Grup sayfamıza katılmak için >>> TIKLAYINIZ
DiniHaberler.com.tr: Şule Altınel
‘Bu mübarek ayda gündüzleri oruç tutarak, Kuran’ı Kerim okuyarak, hayırlı ameller işleyerek geçirmeliyiz. Sık sık birbirimizi ziyaret etmeli, fakir akraba ve komşular varsa onların halini hissetmeliyiz.’
Her gün ‘ramazan sohbetleri’ adı altında yayınladığımız sohbet köşemize bugün İlahiyatçı yazar Hıdır Kartal Hoca’yı konuk ettik. Kartal, ramazanın faziletlerinden günlük ibadetlerimize, imamlara düşen görevlerden fakire yardım edilmesine kadar önemli bilgiler verdi.
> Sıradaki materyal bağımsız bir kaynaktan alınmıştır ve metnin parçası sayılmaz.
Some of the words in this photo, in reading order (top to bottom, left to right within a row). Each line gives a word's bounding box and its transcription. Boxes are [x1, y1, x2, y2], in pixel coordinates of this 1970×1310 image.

■ Hocam, öncelikle Kuran-ı Kerim ayı olan Ramazan ayının faziletleri nelerdir kısaca bahseder misiniz?
Ramazan ayı rahmet ayıdır. Allah Teâlâ ayeti kerimede, “Bu sizden önceki ümmetlere farz kılındığı gibi size de farz kılındı’’ diye buyuruyor. Bu ümmet geçmiş ümmetlerin en hayırlısıdır. Onun için bu ramazan ayını en iyi şekilde değerlendirmemiz lazım. Elimizden geldiği kadar ganimetinden faydalanmalıyız. Gündüzlerini oruçla, gecelerini namazla geçirmeliyiz.
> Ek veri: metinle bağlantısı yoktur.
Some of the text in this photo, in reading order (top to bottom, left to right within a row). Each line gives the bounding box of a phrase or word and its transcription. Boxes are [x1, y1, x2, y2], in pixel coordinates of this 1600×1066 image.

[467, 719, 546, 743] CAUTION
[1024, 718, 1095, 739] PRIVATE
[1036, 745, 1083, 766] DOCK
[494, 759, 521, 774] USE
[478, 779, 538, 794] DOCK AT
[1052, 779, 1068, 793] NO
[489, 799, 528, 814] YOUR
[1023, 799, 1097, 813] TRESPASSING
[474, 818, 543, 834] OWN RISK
‘KARDEŞLERİMİZE DUA ETMELİYİZ’
■ Ramazan ayı ile günlük işlerimizde neler değişmeli?
Bu mübarek ayda gündüzleri oruç tutarak, Kuran’ı kerim okuyarak, hayırlı ameller işleyerek geçirmeliyiz. Sık sık birbirimizi ziyaret etmeli, fakir akraba ve komşular varsa onların halini hissetmeliyiz. Ayrıca maalesef şu anda İslam âlemi üzüntü içinde, o Müslüman kardeşlerimize de dua etmeliyiz. Çünkü “Müslüman, Müslümanın kardeşidir” bu yüzden birbirimizi hissedip, dua edelim. Allah Teâlâ onlara yardım etsin, içinde bulundukları durumdan dolayı kolaylık versin ve Müslümanların birlik ve beraberliğini nasip etsin inşallah.
‘CAMİLERİMİZİ ŞENLENDİRMELİYİZ’
■ Ramazan ayında imamlara ne gibi görevler düşüyor?
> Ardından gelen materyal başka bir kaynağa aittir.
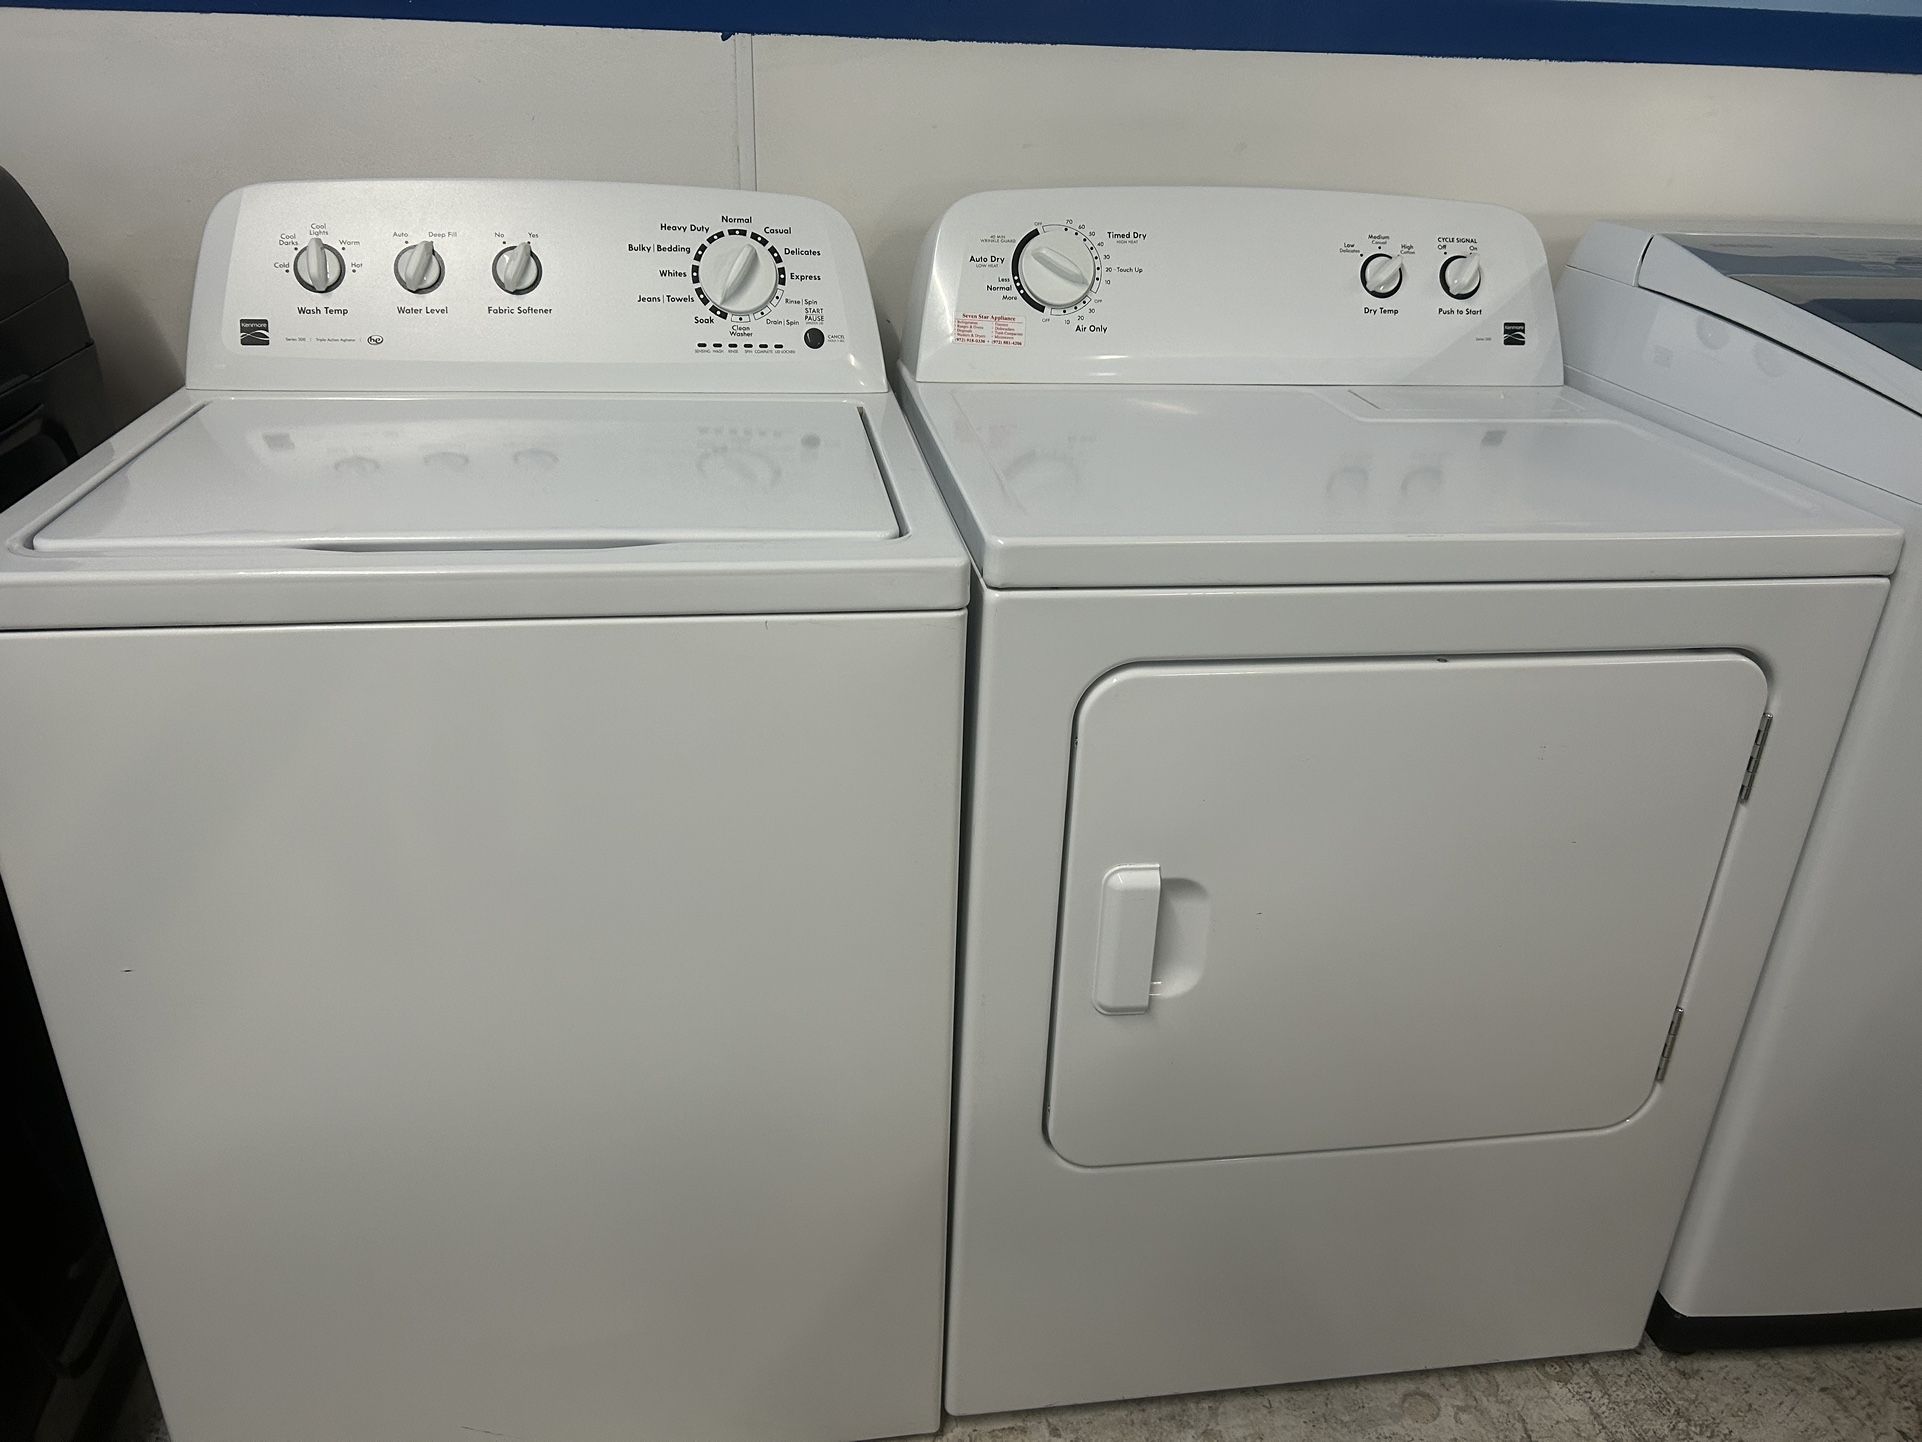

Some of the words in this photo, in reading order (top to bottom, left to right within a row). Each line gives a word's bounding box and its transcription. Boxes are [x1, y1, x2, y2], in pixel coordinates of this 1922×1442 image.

[661, 224, 688, 233] Heavy
[690, 225, 709, 233] Duty
[428, 231, 446, 239] Deep
[1133, 232, 1146, 241] Dry
[629, 244, 651, 253] Bulky
[657, 245, 690, 254] Bedding
[991, 256, 1005, 264] Dry
[790, 273, 821, 282] Express
[298, 306, 321, 315] Wash
[323, 306, 348, 317] Temp
[397, 306, 422, 315] Water
[425, 306, 448, 315] Level
[488, 306, 514, 315] Fabric
[518, 306, 552, 315] Softener
[1364, 307, 1377, 315] Dry
[1090, 325, 1107, 334] Only
İmamlara çok büyük görevler düşüyor. İnsanları aydınlatmalı, gerçekleri yansıtmalı, en küçük çocuktan, en büyük insana kadar özellikle iman ilmine değinmeleri gerek. Bununla birlikte bazı çocuklarımızı eğitmemiz gerek. Bu mübarek ramazan ayında Ehli-sünnetin ilmiyle camilerimizi şenlendirmeliyiz.
‘AYRIM YAPMADAN BİRLEŞMELİYİZ’
■ Suriyeli mülteci kardeşlerimize ve diğer ihtiyaç sahibi insanlarımıza toplum olarak nasıl yardım etmeliyiz? Ramazanın sosyolojik faydaları neler olmalı?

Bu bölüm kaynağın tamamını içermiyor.